Blisters may appear as single or multiple merging blisters. The process is often associated with an itchy sensation. After the blister is fully formed, release the pressure and carefully remove the suction chamber.
In correctly induced blisters, the epidermal layer is fully separated from the dermal layer of the skin, leaving a cavity filled with fluid. Protect the blister by applying a soft dressing on the surrounding skin area and placing a hard cap over the blister, here from a a 15 milliliter plastic tube. Secure the cap by a non-allergenic tape followed by a soft, stretchy bandage.
Instruct the volunteer to keep the protective dressing overnight. On the next day, carefully remove the dressing and disinfect the blister area using spray. Use a 2 milliliter sterile syringe with a 23 gauge needle to harvest the blister content.

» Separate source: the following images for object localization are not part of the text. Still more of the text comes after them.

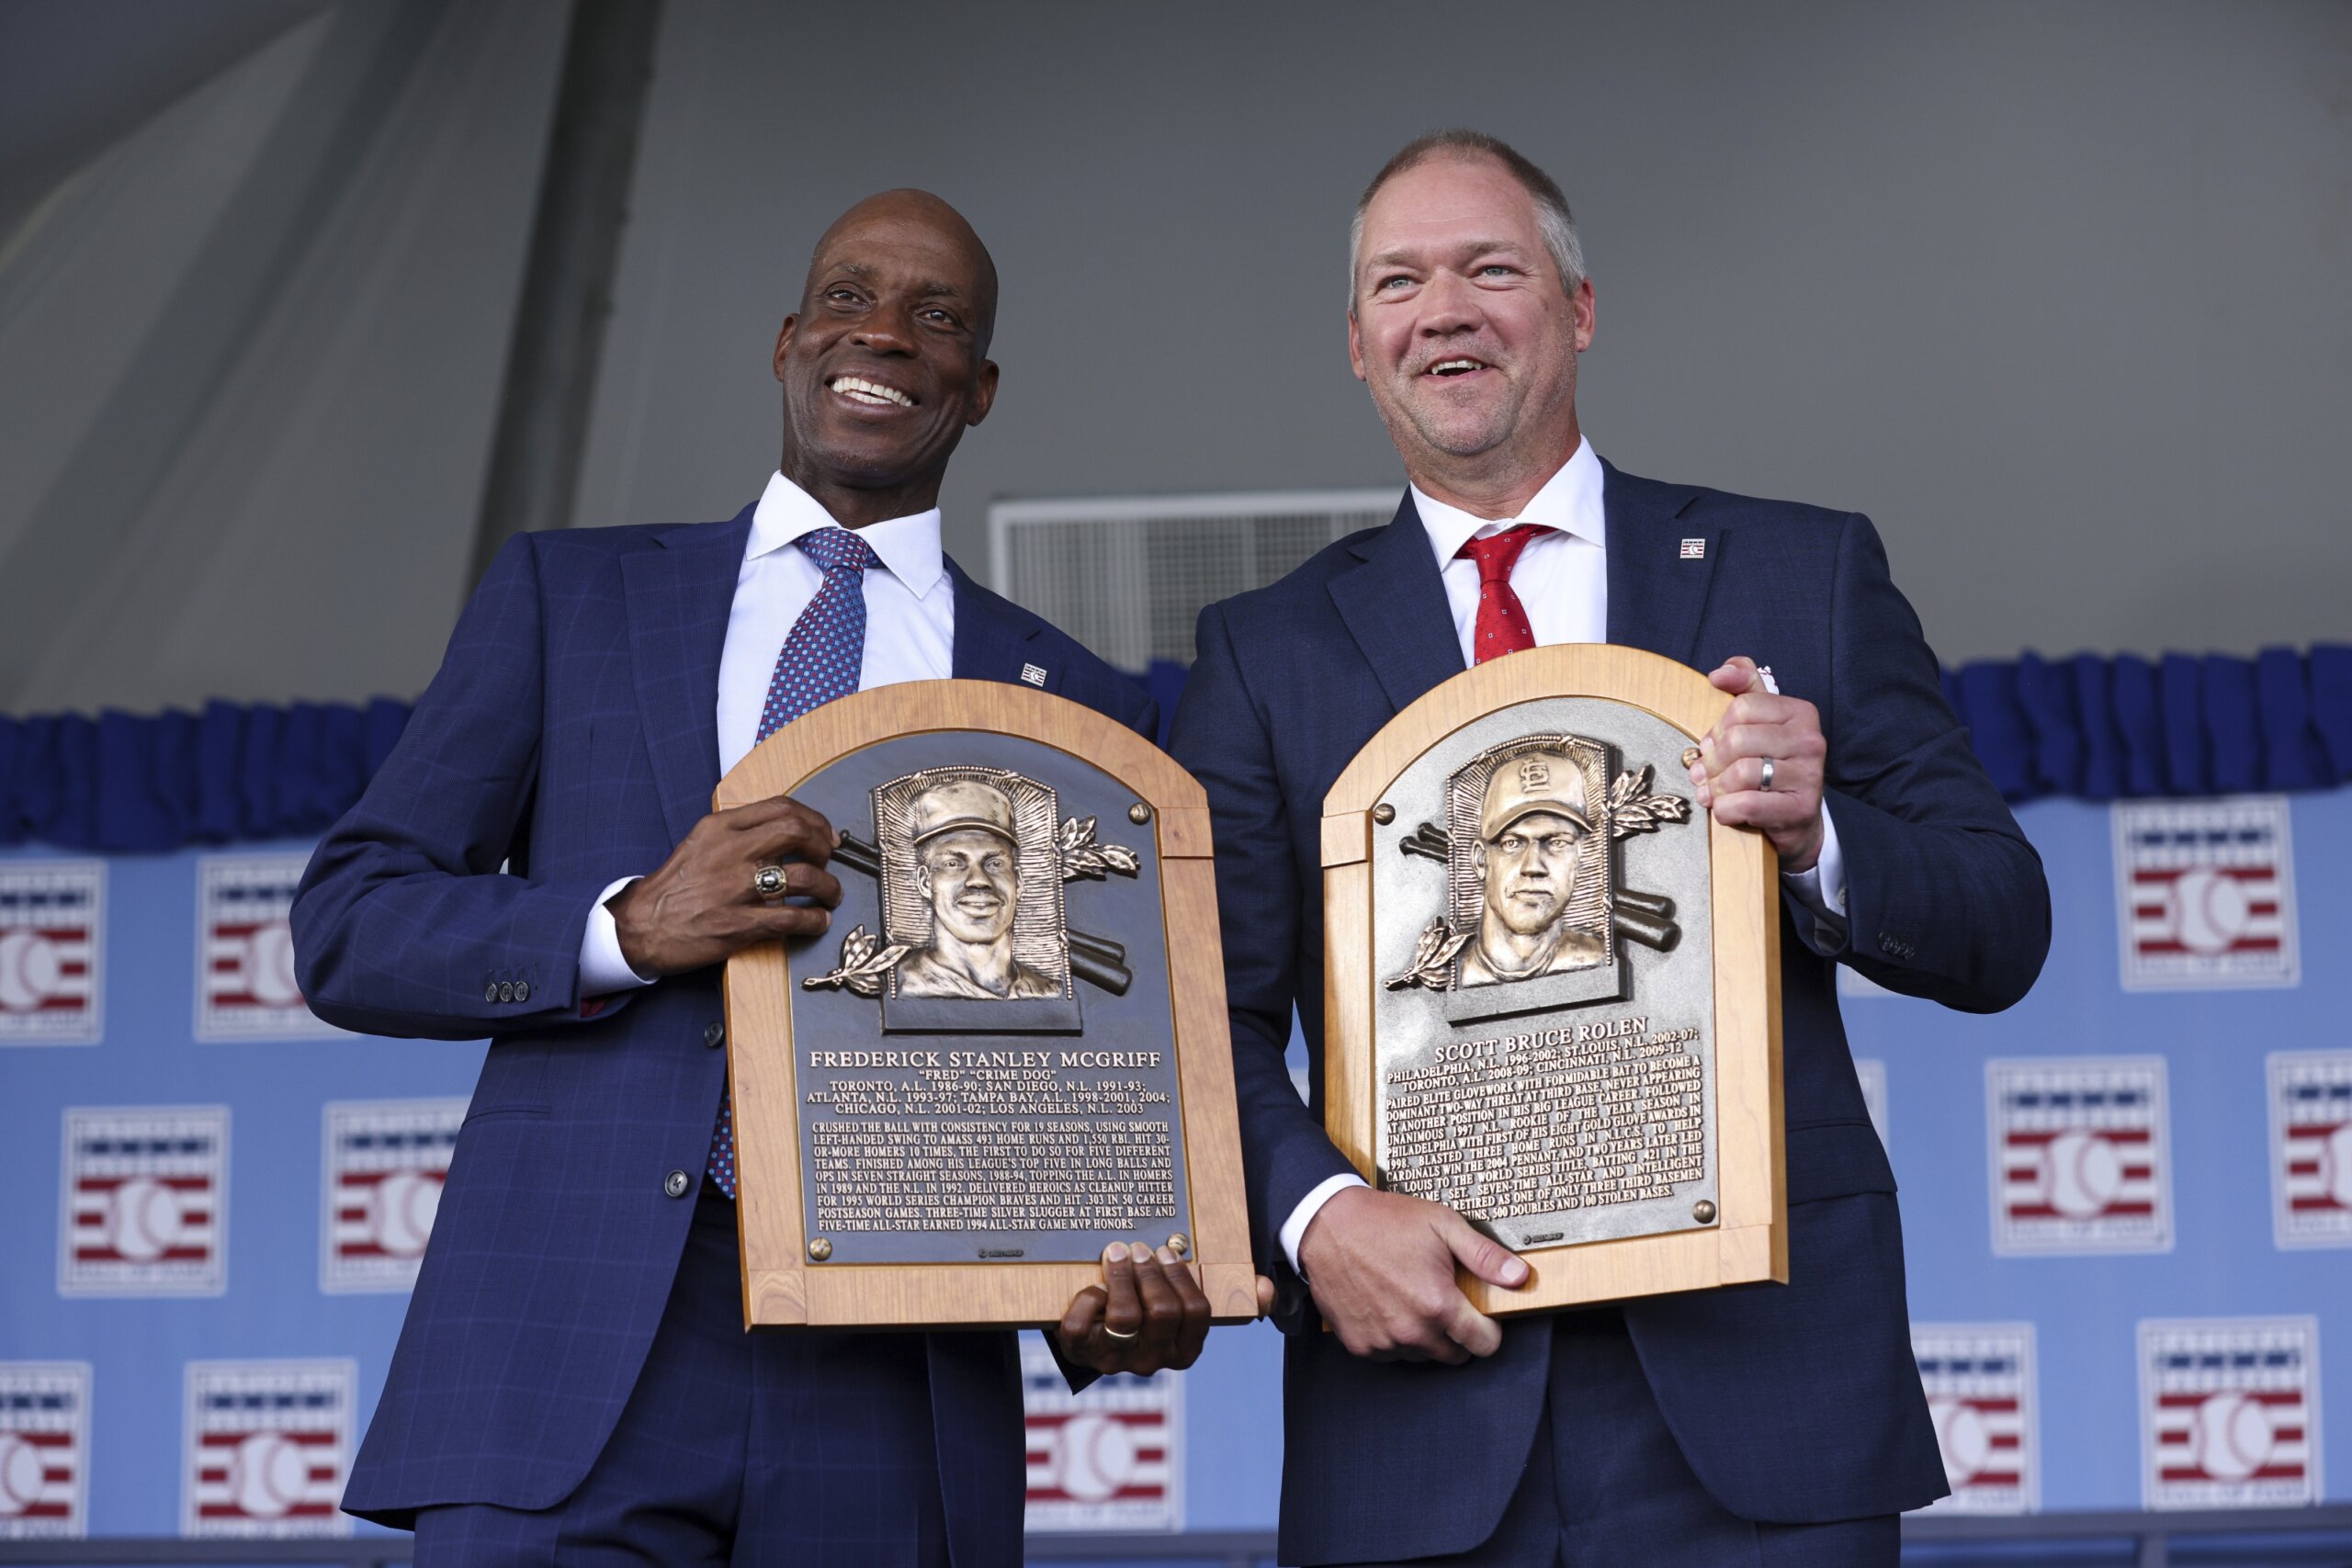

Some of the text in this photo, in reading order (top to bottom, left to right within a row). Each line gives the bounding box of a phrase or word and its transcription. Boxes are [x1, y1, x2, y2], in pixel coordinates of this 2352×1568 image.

[1434, 1017, 1646, 1064] SCOTT BRUCE ROLEN
[810, 1052, 1160, 1066] FREDERICK STANLEY MCGRIFF
[1386, 1062, 1474, 1084] PHILADELPHIA,
[1477, 1058, 1499, 1070] N.L.
[1504, 1049, 1561, 1066] 1996-2002;
[1624, 1036, 1647, 1049] N.L.
[1652, 1029, 1699, 1044] 2002-07;
[1402, 1043, 1682, 1092] TORONTO, A.L. 2008-09; CINCINNATI, N.L. 2009-12
[829, 1081, 1146, 1093] TORONTO, A.L. 1986-90; SAN DIEGO, N.L. 1991-93;
[1385, 1055, 1701, 1110] PAIRED ELITE GLOVEWORK WITH FORMIDABLE BAT TO BECOME A
[807, 1092, 1170, 1104] ATLANTA, N.L. 1993-97; TAMPA BAY, A.L. 1998-2001, 2004;
[1386, 1067, 1701, 1122] DOMINANT TWO-WAY THREAT AT THIRD BASE, NEVER APPEARING
[835, 1104, 1143, 1116] CHICAGO, N.L. 2001-02; LOS ANGELES, N.L. 2003
[1386, 1079, 1701, 1134] AT ANOTHER POSITION IN HIS BIG LEAGUE CAREER. FOLLOWED
[1386, 1092, 1701, 1146] UNANIMOUS 1997 N.L. ROOKIE OF THE YEAR SEASON IN
[812, 1122, 1168, 1134] CRUSHED THE BALL WITH CONSISTENCY FOR 19 SEASONS, USING SMOOTH
[813, 1134, 1169, 1145] LEFT-HANDED SWING TO AMASS 493 HOME RUNS AND 1,550 RBI. HIT 30-
[1419, 1151, 1463, 1167] BLASTED
[1469, 1145, 1503, 1159] THREE
[1511, 1140, 1540, 1154] HOME
[1549, 1135, 1576, 1148] RUNS
[1584, 1133, 1596, 1144] IN
[1653, 1122, 1666, 1134] TO
[1673, 1117, 1702, 1131] HELP
[814, 1145, 1170, 1158] OR-MORE HOMERS 10 TIMES, THE FIRST TO DO SO FOR FIVE DIFFERENT
[814, 1159, 851, 1168] TEAMS.
[855, 1158, 903, 1168] FINISHED
[907, 1158, 943, 1168] AMONG
[947, 1158, 964, 1168] HIS
[1019, 1157, 1039, 1168] TOP
[1044, 1157, 1066, 1168] FIVE
[1070, 1157, 1080, 1168] IN
[1085, 1157, 1113, 1168] LONG
[1116, 1157, 1147, 1168] BALLS
[1151, 1157, 1170, 1168] AND
[818, 1206, 1175, 1218] POSTSEASON GAMES. THREE-TIME SILVER SLUGGER AT FIRST BASE AND
[819, 1218, 1136, 1231] FIVE-TIME ALL-STAR EARNED 1994 ALL-STAR GAME MVP HONORS.
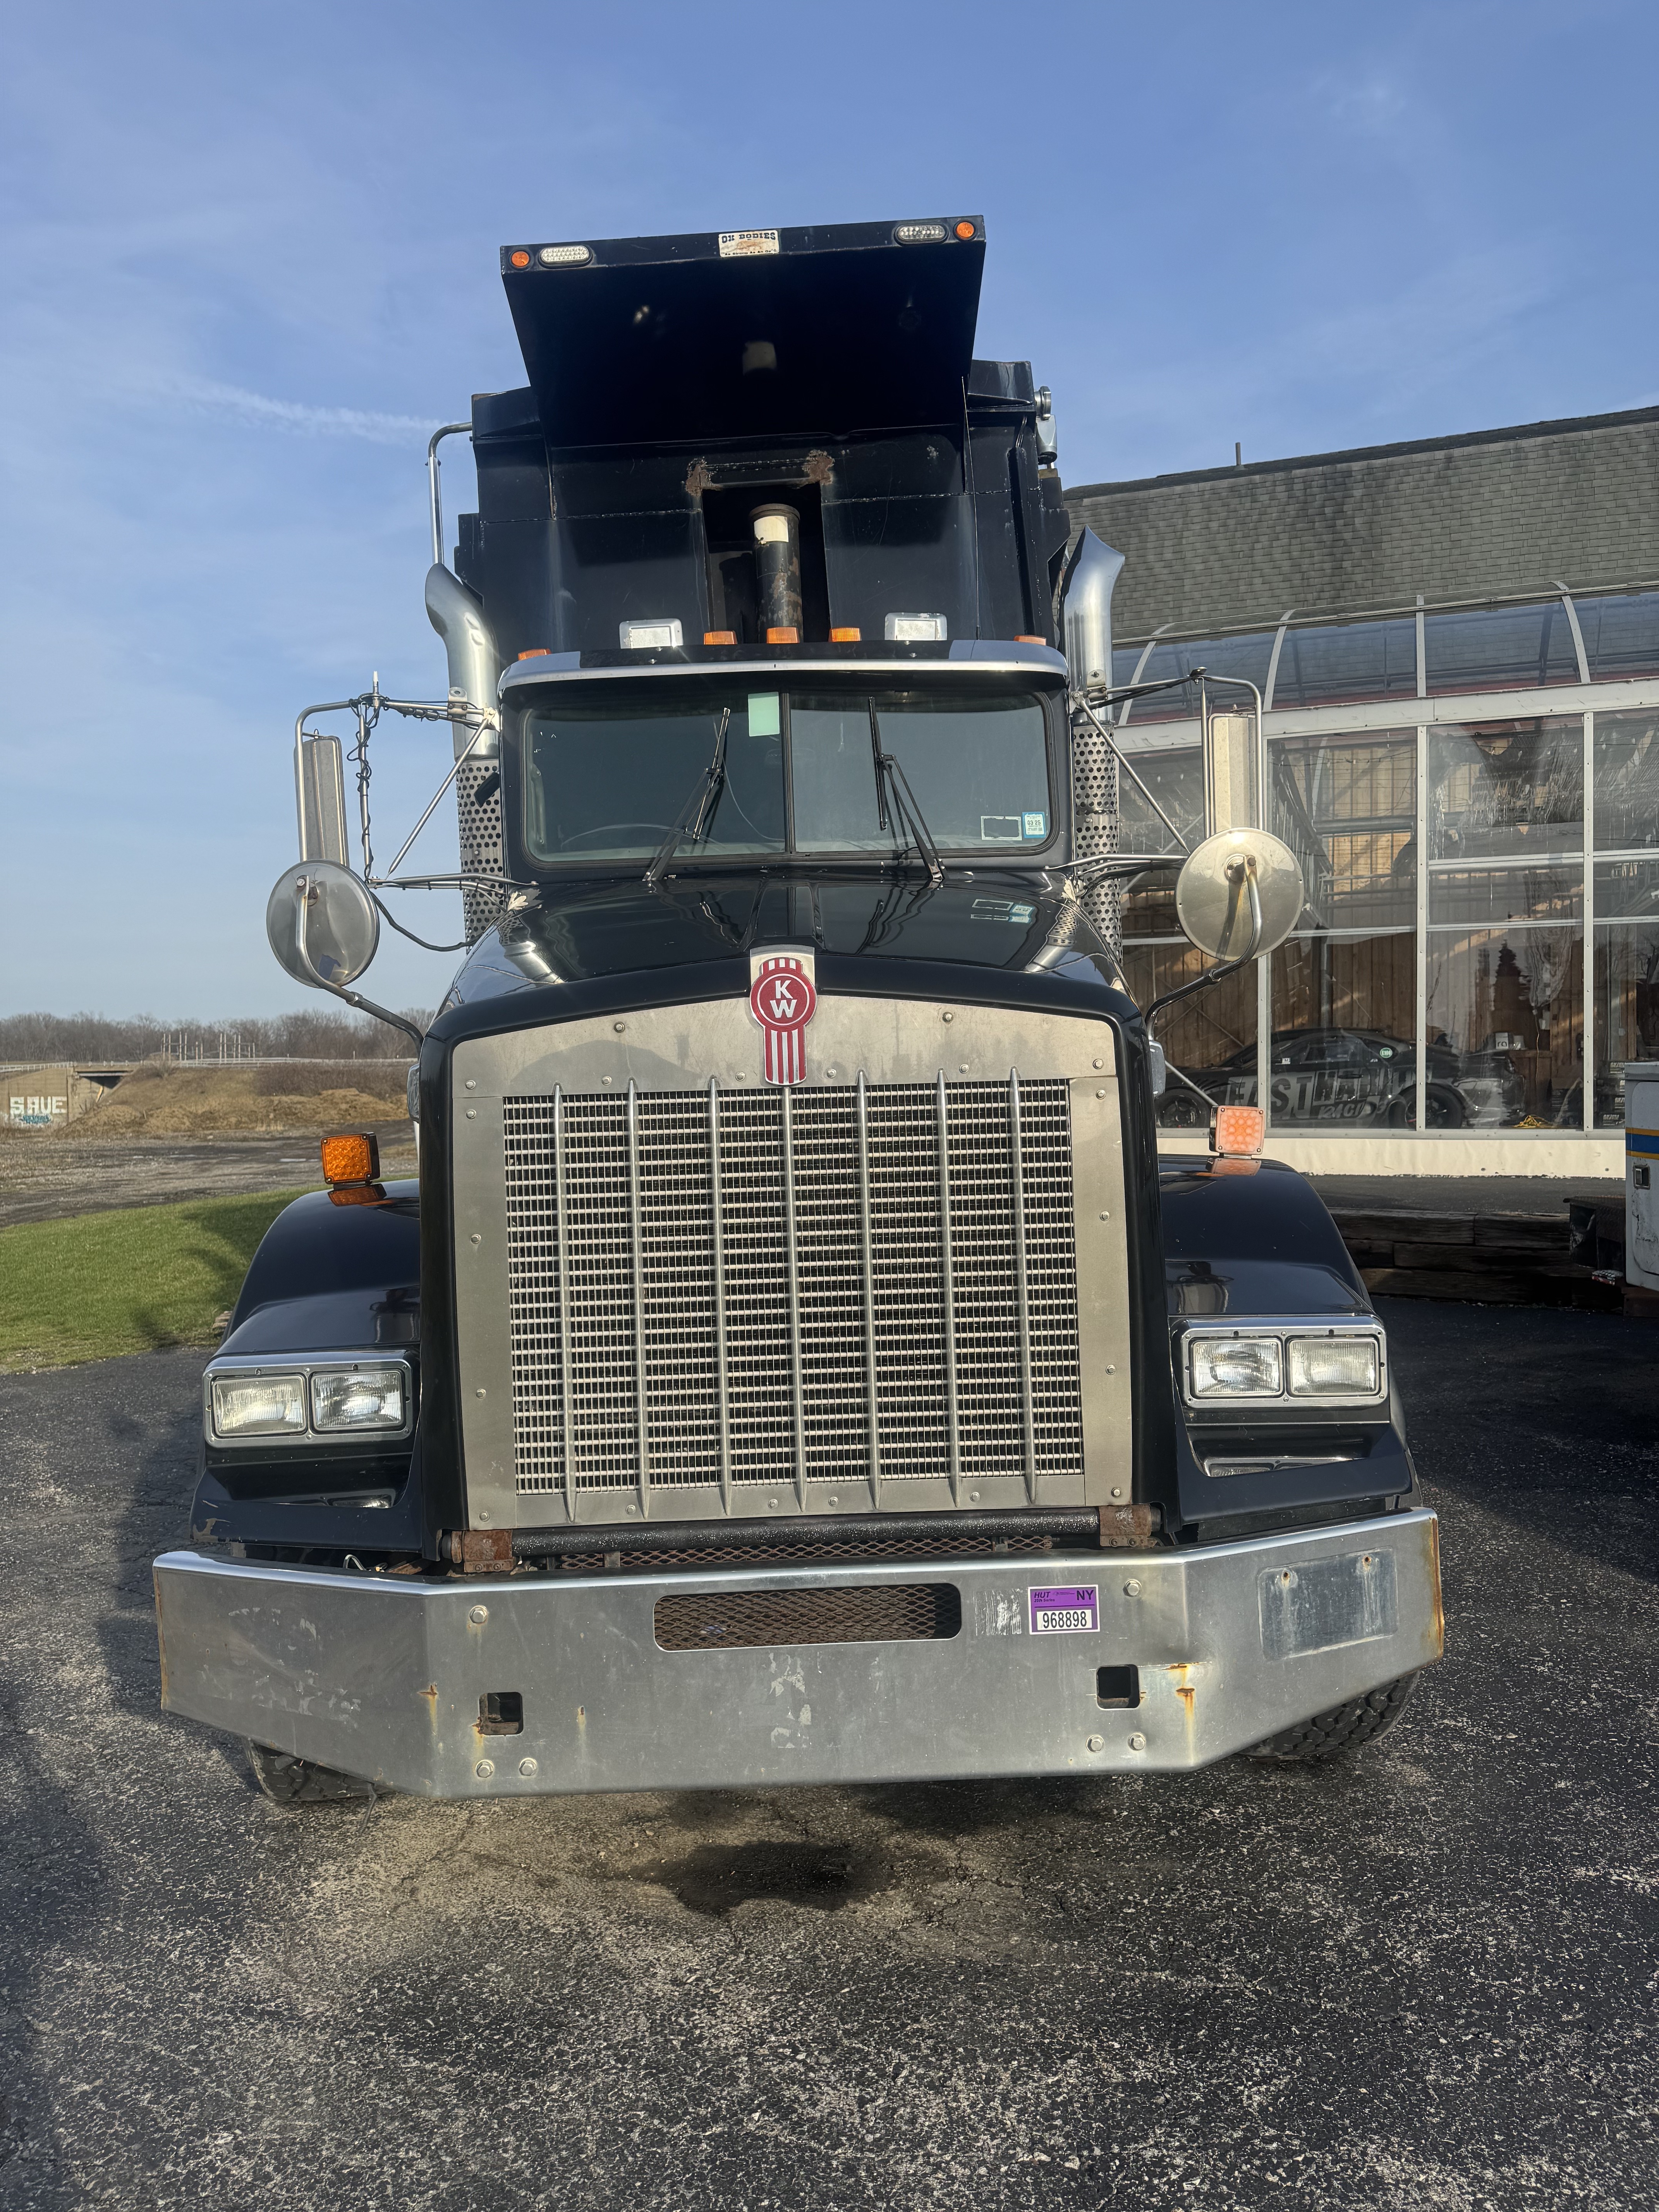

Insert the needle into the top lateral side of the blister roof and slowly aspire the fluid. Avoid touching the floor of the cavity, but make sure to harvest all the fluid as blister volume may be low, as in this example. The collapsed blister will heal without scarring.
Add a protective dressing over the blister. Then transfer the blister fluid to a sterile tube. Spin down for four minutes at 600 G using a tabletop centrifuge.
After, harvest the supernatant and re-suspend the cell pellet in 500 microliters of cell medium. The fresh cells are now ready for counting and further analysis. Suction blister cells can be used for in vitro analysis, such as flow cytometry.
In this experiment with BCG-vaccinated volunteers, cell yield ranged from 15, 000 to over 200, 000 cells per blister. Here, we isolated cells from a single suction blister and stimulated the cells with PPD in vitro followed by a staining and flow cytometry. For comparison, we did a parallel analysis on PBMCs from the same PCG-vaccinated volunteer.
In the panels, you see populations of CD4 positive T-cells stained for intercellular production of TNF-alpha, interferon-gamma, and IL2. In this volunteer, over 30%of the CD4 positive T-cells isolated from the skin were antigen-specific. In PBMCs, this fraction was less than 1%Furthermore, the individual cytokine profiles of blister cells were representative of both central memory T-cells and effector T-cells, illustrating how this method allows us to study long-lived memory responses generated in vivo.
Here, figure A illustrate that fluid obtained from suction blisters can be analyzed for cytokines produced in vivo. In figure B, we cultured cells obtained from suction blisters for four days in the presence of mycobacterium tuberculosis, illustrating how suction blister cells are capable of producing interferon-gamma and TNF alpha ex vivo. After watching this video, you should have a good understanding on how to induce and harvest cells from suction blisters following cutaneous antigen deposition.
In this demonstration, we used an antigen of special relevance within the field of tuberculosis research. But, the basic principles of this methodology can be of use within the fields of adaptive immunity, or in trials investigating T-cell targeting agents. Also, please remember that ethics and safety is a first priority when working with human volunteers.
Also remember that working with human samples can be hazardous and that safety precautions should always be followed in the lab.